Marvel’s latest mega-movie is big, noisy, and fun to watch. Although the comic-book source isn’t familiar to most moviegoers, the template of this elaborate space adventure certainly is: a band of misfits finds strength by joining forces to battle some ruthless interstellar bad guys. The motley group includes a genetically modified raccoon with a wiseguy attitude (voiced by Bradley Cooper), an anthropomorphic tree named Groot (voiced by Vin Diesel), a feisty and athletic woman (Zoë Saldana) who may or may not be loyal to her evil father, a hulk of a man bent on revenge (wrestler Dave Bautista), and a cocky, shoot-from-the-hip Earth orphan who becomes their de facto leader. Chris Pratt hits just the right note in this role and establishes the movie’s irreverent tone and sense of humor from the very start.

It isn’t easy to follow all the exposition the movie throws at us, but before long it becomes clear who’s worth rooting for.
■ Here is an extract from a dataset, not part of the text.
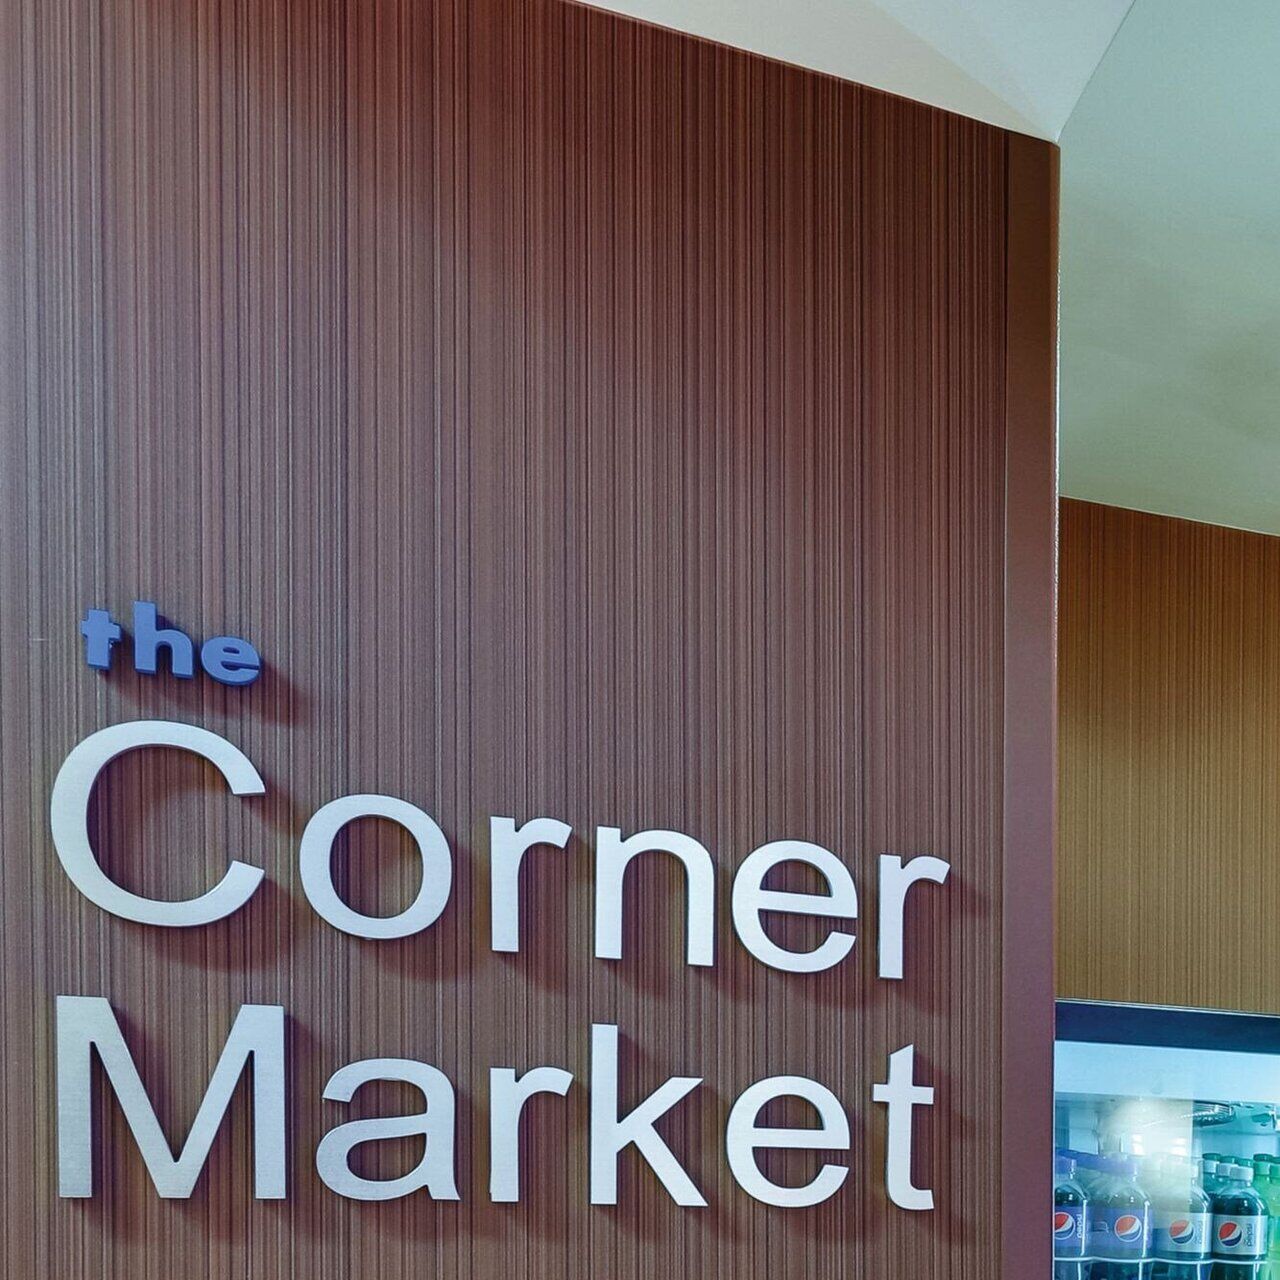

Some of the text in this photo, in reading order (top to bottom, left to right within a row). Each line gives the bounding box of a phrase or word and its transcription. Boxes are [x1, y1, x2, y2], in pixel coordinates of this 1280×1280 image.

That’s all we really need to know to invest in the fast-paced adventures that follow.

Photo By Film Frame - Courtesy Of Marvel

Photo By Film Frame – Courtesy Of Marvel

Director James Gunn, who wrote the screenplay with Nicole Perlman (based on the Marvel comic by Dan Abnett and Andy Lanning) plays out his story on a broad canvas, and continually finds chinks and challenges in the interrelationship of his key characters. Time and again they test each other to see if their trust is misplaced. (No spoiler here: it isn’t.)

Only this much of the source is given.